__Task goal__.
Return each line of the data below verbatim; pictures are to be left out.

(Text-to-region grounding data)
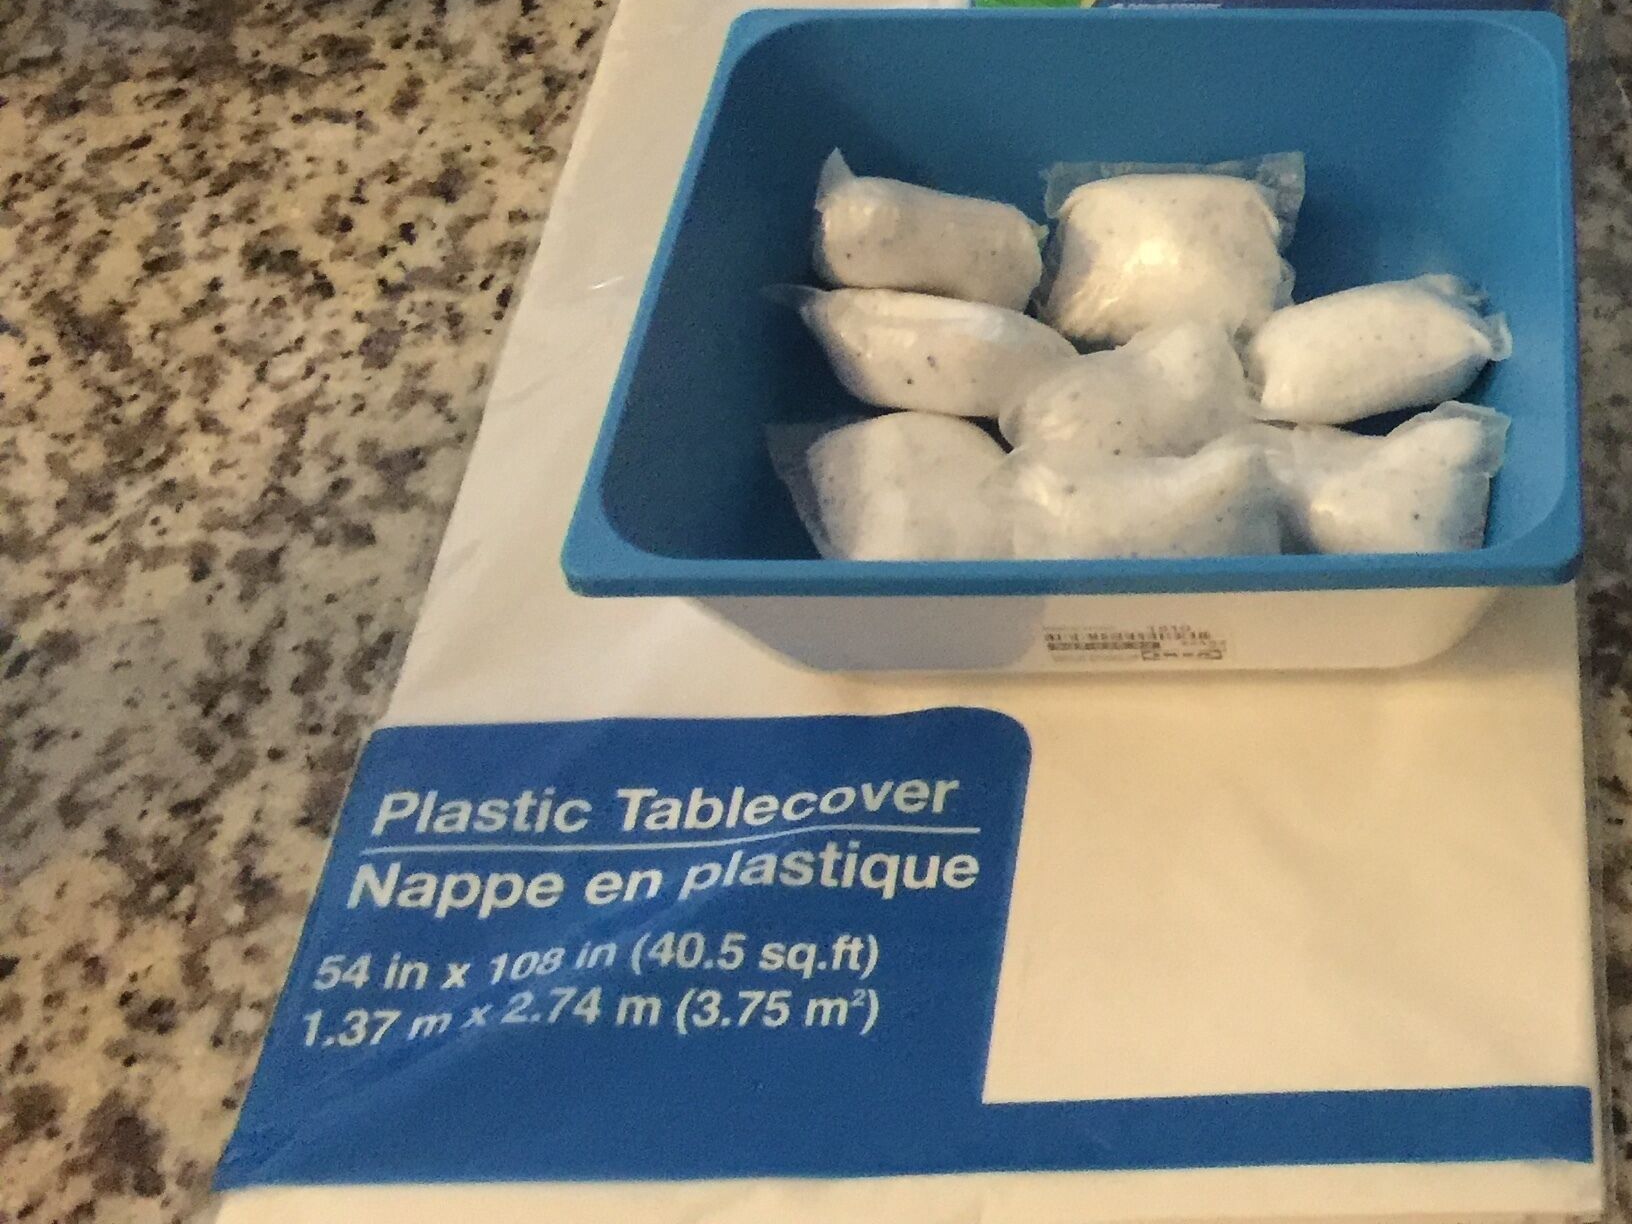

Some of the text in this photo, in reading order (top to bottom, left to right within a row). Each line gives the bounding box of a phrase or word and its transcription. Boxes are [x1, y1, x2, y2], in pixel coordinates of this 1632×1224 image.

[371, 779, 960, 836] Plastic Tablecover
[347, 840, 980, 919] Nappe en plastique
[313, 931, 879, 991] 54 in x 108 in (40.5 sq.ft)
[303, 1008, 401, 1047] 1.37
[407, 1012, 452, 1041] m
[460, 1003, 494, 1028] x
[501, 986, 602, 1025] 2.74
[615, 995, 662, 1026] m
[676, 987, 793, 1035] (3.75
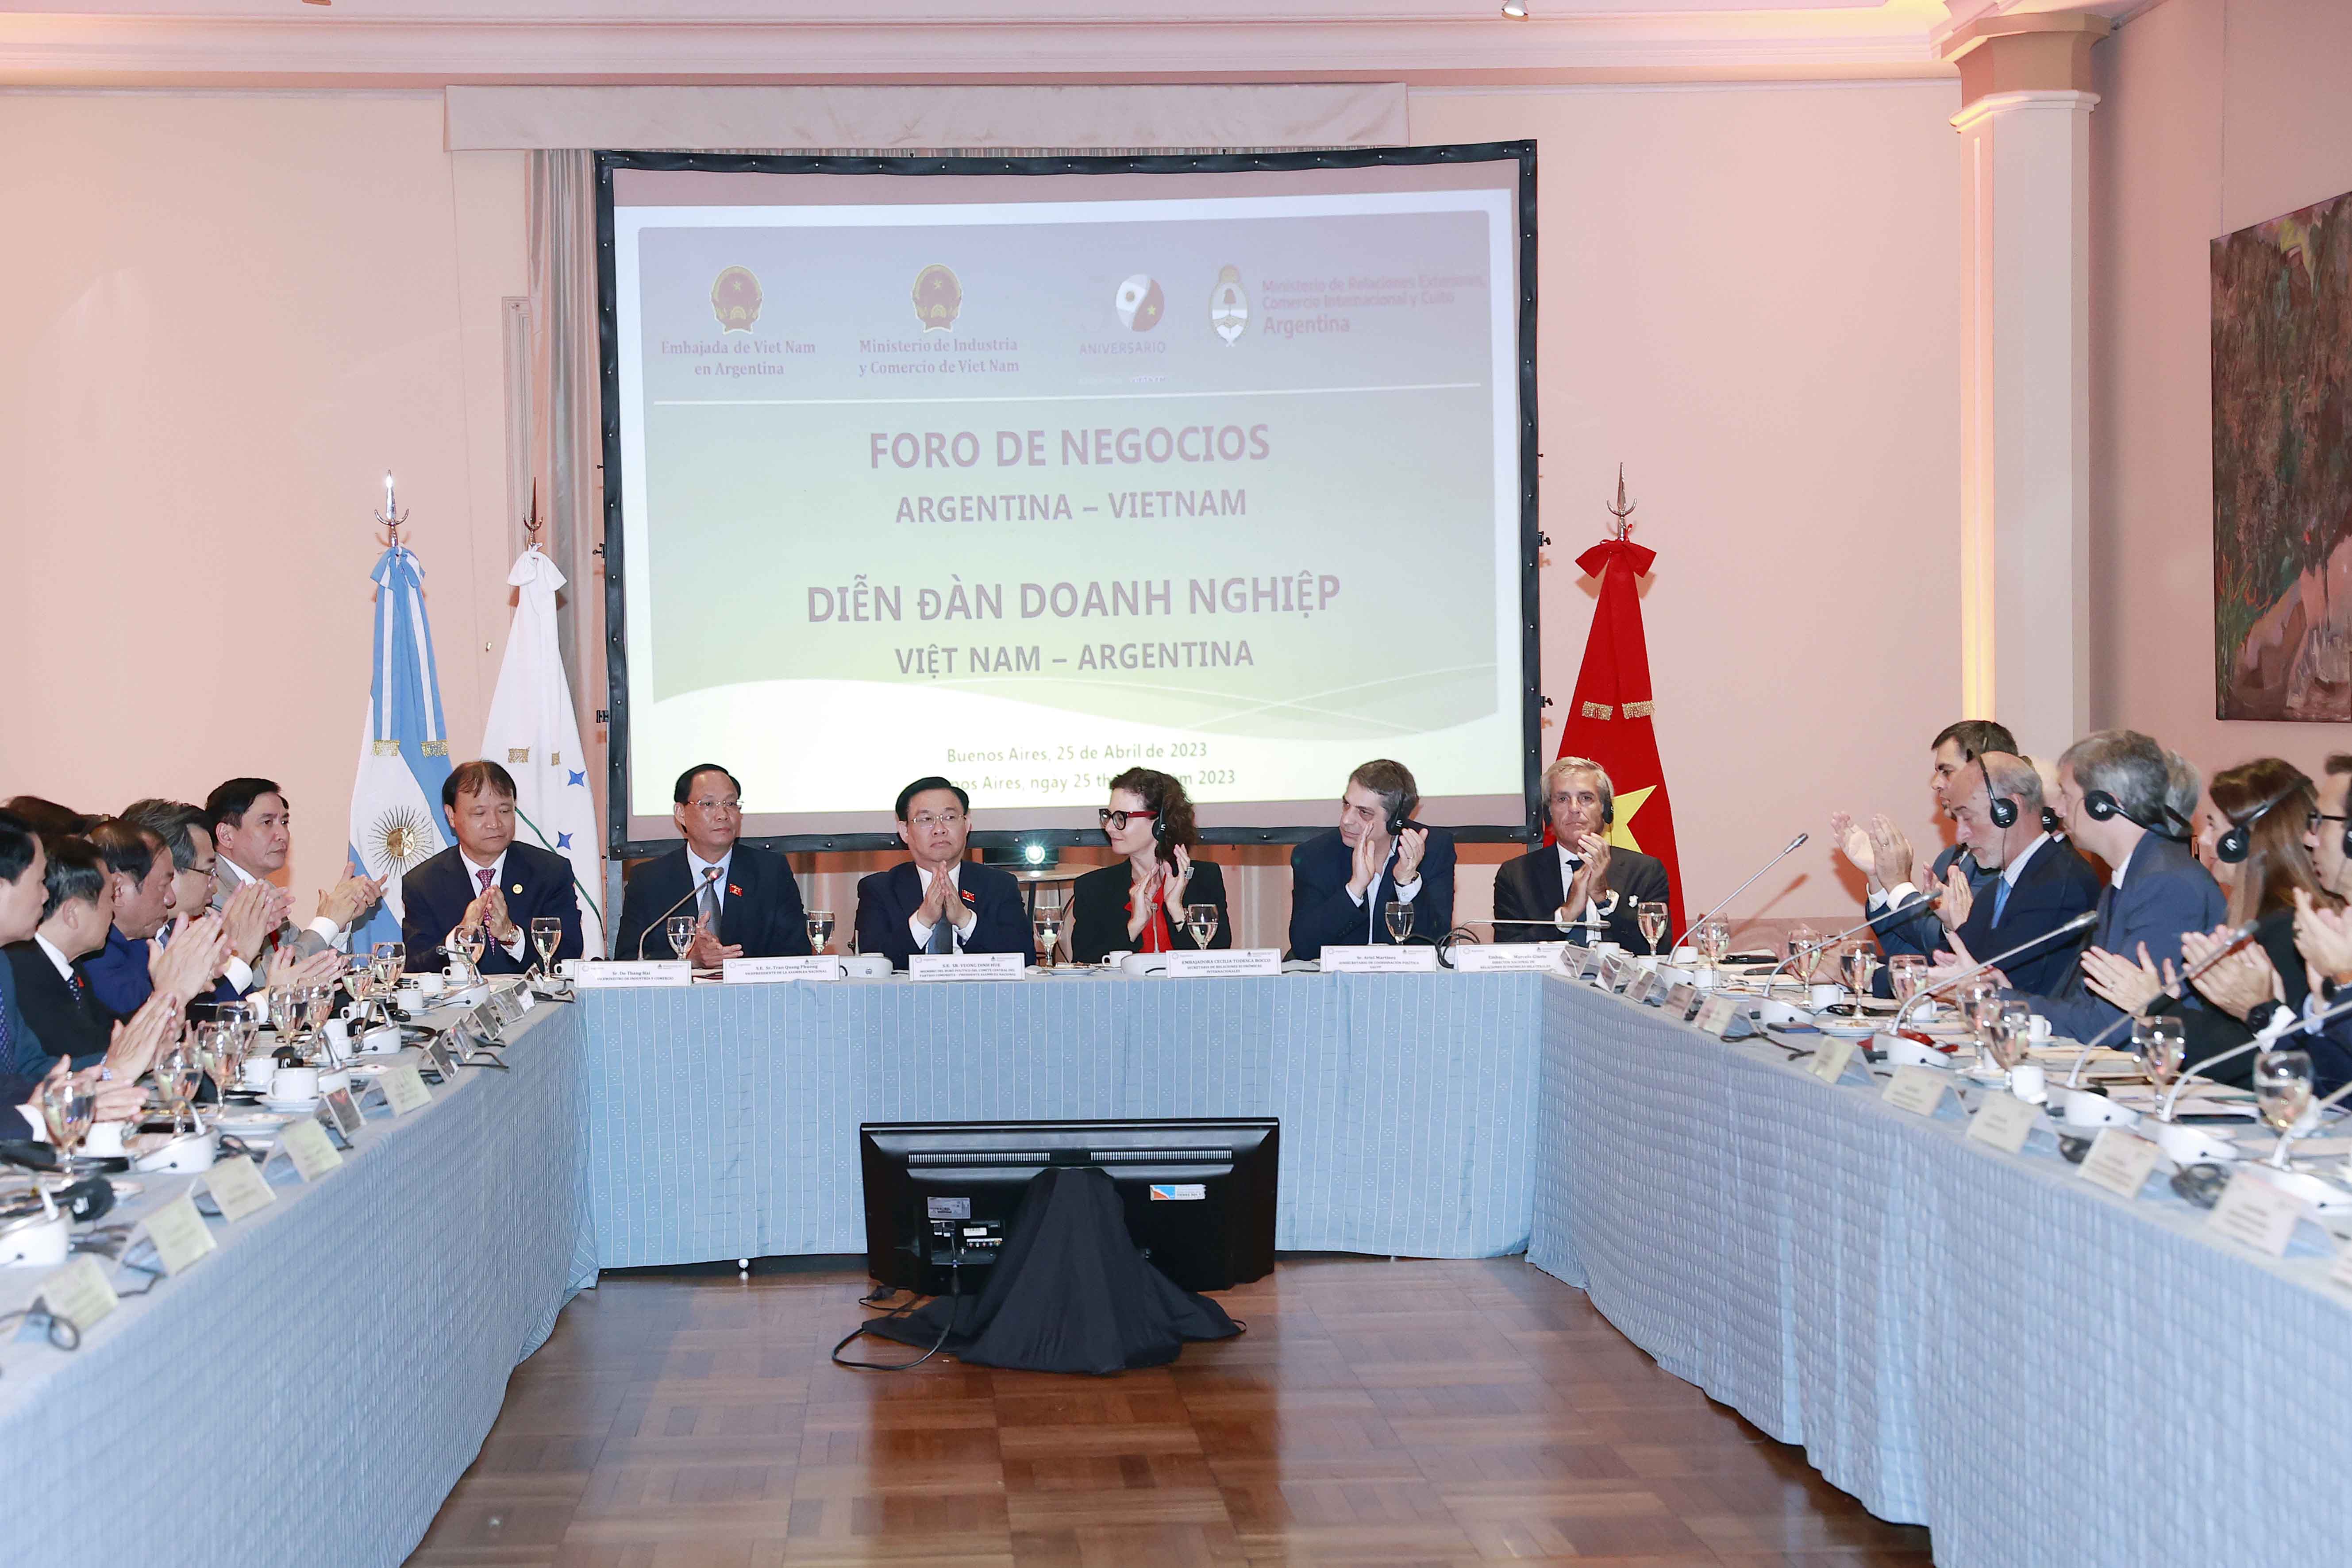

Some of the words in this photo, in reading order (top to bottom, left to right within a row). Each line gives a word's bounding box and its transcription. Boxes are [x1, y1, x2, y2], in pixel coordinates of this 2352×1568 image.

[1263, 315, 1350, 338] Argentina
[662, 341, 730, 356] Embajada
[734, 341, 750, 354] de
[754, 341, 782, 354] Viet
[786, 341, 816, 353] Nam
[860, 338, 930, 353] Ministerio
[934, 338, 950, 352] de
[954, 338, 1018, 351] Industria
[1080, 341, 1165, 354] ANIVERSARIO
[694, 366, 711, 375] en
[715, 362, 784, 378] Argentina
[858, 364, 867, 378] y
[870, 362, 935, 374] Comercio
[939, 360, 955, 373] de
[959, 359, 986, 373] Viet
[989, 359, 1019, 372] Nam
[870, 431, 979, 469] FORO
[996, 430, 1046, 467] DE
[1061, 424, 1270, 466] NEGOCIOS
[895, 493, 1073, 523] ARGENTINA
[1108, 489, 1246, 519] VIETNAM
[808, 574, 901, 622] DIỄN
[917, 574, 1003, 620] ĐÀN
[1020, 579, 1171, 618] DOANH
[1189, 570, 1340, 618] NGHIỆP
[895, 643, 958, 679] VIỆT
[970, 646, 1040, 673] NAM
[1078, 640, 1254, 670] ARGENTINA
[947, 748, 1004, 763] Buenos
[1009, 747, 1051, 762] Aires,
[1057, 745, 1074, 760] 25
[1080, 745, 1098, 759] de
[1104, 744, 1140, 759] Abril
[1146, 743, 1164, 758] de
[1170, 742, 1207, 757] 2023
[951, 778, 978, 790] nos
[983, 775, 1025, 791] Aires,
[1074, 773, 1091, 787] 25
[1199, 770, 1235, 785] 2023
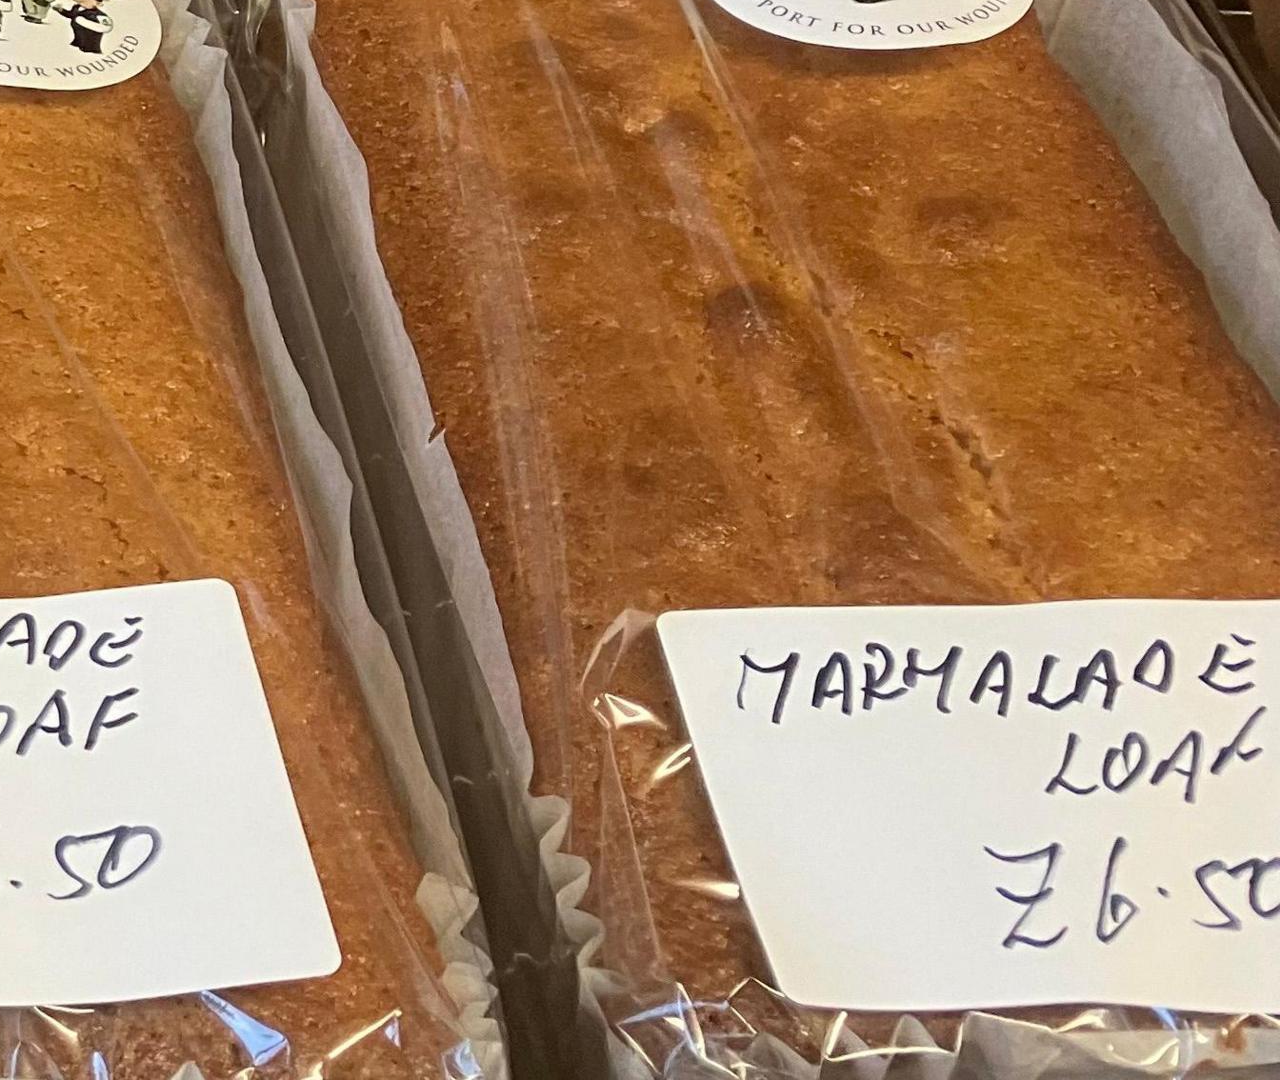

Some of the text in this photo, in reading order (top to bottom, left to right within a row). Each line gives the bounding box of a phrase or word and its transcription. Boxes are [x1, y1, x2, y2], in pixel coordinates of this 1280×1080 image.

__Result below__.
Some of the text in this photo, in reading order (top to bottom, left to right within a row). Each line gives the bounding box of a phrase or word and its transcription. Boxes are [x1, y1, x2, y2], in pixel coordinates of this 1632×1224 image.

[371, 779, 960, 836] Plastic Tablecover
[347, 840, 980, 919] Nappe en plastique
[313, 931, 879, 991] 54 in x 108 in (40.5 sq.ft)
[303, 1008, 401, 1047] 1.37
[407, 1012, 452, 1041] m
[460, 1003, 494, 1028] x
[501, 986, 602, 1025] 2.74
[615, 995, 662, 1026] m
[676, 987, 793, 1035] (3.75

Some of the words in this photo, in reading order (top to bottom, left to right within a row). Each line gives a word's bounding box and its transcription. Boxes are [x1, y1, x2, y2], in pixel coordinates of this 2352×1568 image.

[1263, 315, 1350, 338] Argentina
[662, 341, 730, 356] Embajada
[734, 341, 750, 354] de
[754, 341, 782, 354] Viet
[786, 341, 816, 353] Nam
[860, 338, 930, 353] Ministerio
[934, 338, 950, 352] de
[954, 338, 1018, 351] Industria
[1080, 341, 1165, 354] ANIVERSARIO
[694, 366, 711, 375] en
[715, 362, 784, 378] Argentina
[858, 364, 867, 378] y
[870, 362, 935, 374] Comercio
[939, 360, 955, 373] de
[959, 359, 986, 373] Viet
[989, 359, 1019, 372] Nam
[870, 431, 979, 469] FORO
[996, 430, 1046, 467] DE
[1061, 424, 1270, 466] NEGOCIOS
[895, 493, 1073, 523] ARGENTINA
[1108, 489, 1246, 519] VIETNAM
[808, 574, 901, 622] DIỄN
[917, 574, 1003, 620] ĐÀN
[1020, 579, 1171, 618] DOANH
[1189, 570, 1340, 618] NGHIỆP
[895, 643, 958, 679] VIỆT
[970, 646, 1040, 673] NAM
[1078, 640, 1254, 670] ARGENTINA
[947, 748, 1004, 763] Buenos
[1009, 747, 1051, 762] Aires,
[1057, 745, 1074, 760] 25
[1080, 745, 1098, 759] de
[1104, 744, 1140, 759] Abril
[1146, 743, 1164, 758] de
[1170, 742, 1207, 757] 2023
[951, 778, 978, 790] nos
[983, 775, 1025, 791] Aires,
[1074, 773, 1091, 787] 25
[1199, 770, 1235, 785] 2023

Some of the text in this photo, in reading order (top to bottom, left to right within a row). Each line gives the bounding box of a phrase or word and its transcription. Boxes are [x1, y1, x2, y2], in pixel coordinates of this 1280×1080 image.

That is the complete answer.